Evaluasi suatu pekerjaan, usaha atau perjalanan hidup sangat penting untuk dilakukan. Fungsi evaluasi antara lain untuk mengetahui setepat dan secermat mungkin hasil pekerjaan, usaha atau perjalanan hidup kita, yang kemudian dijadikan titik pangkal/tolak untuk melangkah lebih lanjut. Jika kita dapat mengadakan evaluasi dengan baik dan benar, maka kita tahu persis 'jati diri' kita yang sebenarnya. Hari ini kita merayakan pesta "Tuhan kita Yesus Kristus Raja Semesta Alam", dimana kita memasuki minggu terakhir tahun Liturgi, dan minggu depan kita memasuki tahun baru Liturgi, Minggu Adven I. Maka kami mengajak di akhir tahun Liturgy ini untuk mawas diri perihal perjalanan hidup iman dan keagamaan kita selama kurang lebih satu tahun yang telah kita lewati. Semoga kita dapat berkata atau menyatakan diri seperti salah satu penjahat yang disalibkan bersama Yesus di akhir hidupnya "Yesus, ingatlah akan aku, apabila Engkau datang sebagai Raja." (Luk 23:42)

  • "Yesus, ingatlah akan aku, apabila Engkau datang sebagai Raja." (Luk 23:42)

Salib merupakan hukuman terberat bagi para penjahat menurut tradisi orang-orang Yahudi, maka cukup menarik untuk menjadi bahan refleksi perihal 'penjahat' yang bertobat di detik-detik akhir hidupnya.
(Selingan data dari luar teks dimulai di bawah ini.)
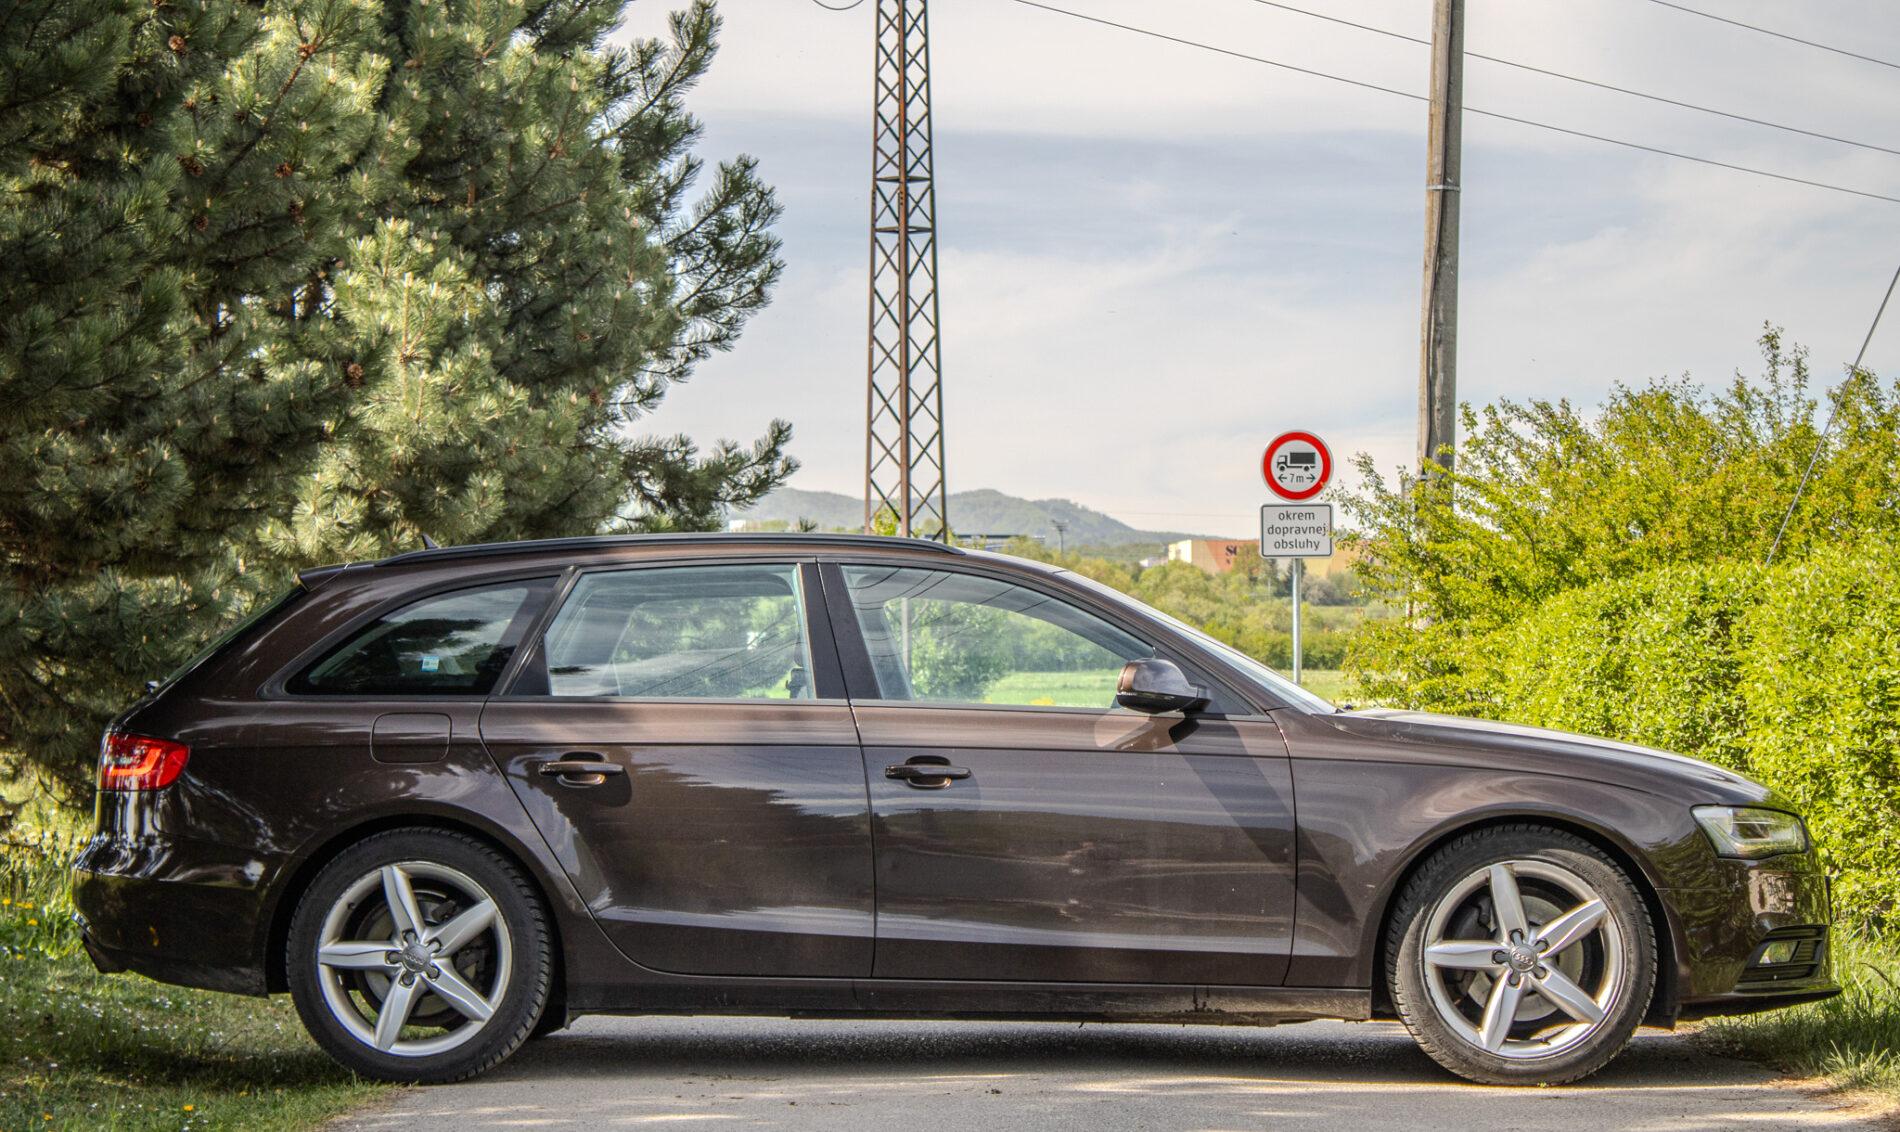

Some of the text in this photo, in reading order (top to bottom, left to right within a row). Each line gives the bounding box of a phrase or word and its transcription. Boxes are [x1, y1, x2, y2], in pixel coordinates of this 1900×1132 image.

[1278, 510, 1315, 521] okrem
[1267, 523, 1326, 536] dopravnej
[1273, 539, 1320, 551] obsluhy
Dari penjahat yang bertobat ini saya temukan dua hal untuk direfleksikan, yaitu pandangan perihal 'penjahat' dan hidup mulia kembali di sorga untuk selama-lamanya sebagai anugerah Tuhan:

1) 'Hidup mulia di sorga adalah anugerah Tuhan' : "Baik hidup atau mati, kita adalah milik Tuhan." (Rm 14:8), demikian kesaksian Paulus kepada umat di Roma. Apa yang dikatakan oleh Paulus ini hemat saya merupakan kebenaran iman bagi semua umat beriman, entah agamanya apapun. Jika orang sungguh beriman pasti akan mengahayati baik hidup atau mati adalah anugerah Tuhan, sehingga selama hidup di dunia ini senantiasa rendah hati, tidak sombong. Hidup adalah anugerah Tuhan, maka segala sesuatu yang menyertai hidup kita, yang kita miliki dan kuasai sampai saat ini adalah anugerah Tuhan, yang kita terima melalui orang-orang yang telah berbuat baik kepada kita atau mengasihi kita. Mati juga anugerah Tuhan, bukankah sebagai orang beriman kita tidak tahu kapan akan mati atau dipanggil Tuhan, karena kematian berada di 'tangan' Tuhan, milik Tuhan. Maka bagi orang beriman ketika saudaranya dipanggil Tuhan tidak akan sedih berkepanjangan.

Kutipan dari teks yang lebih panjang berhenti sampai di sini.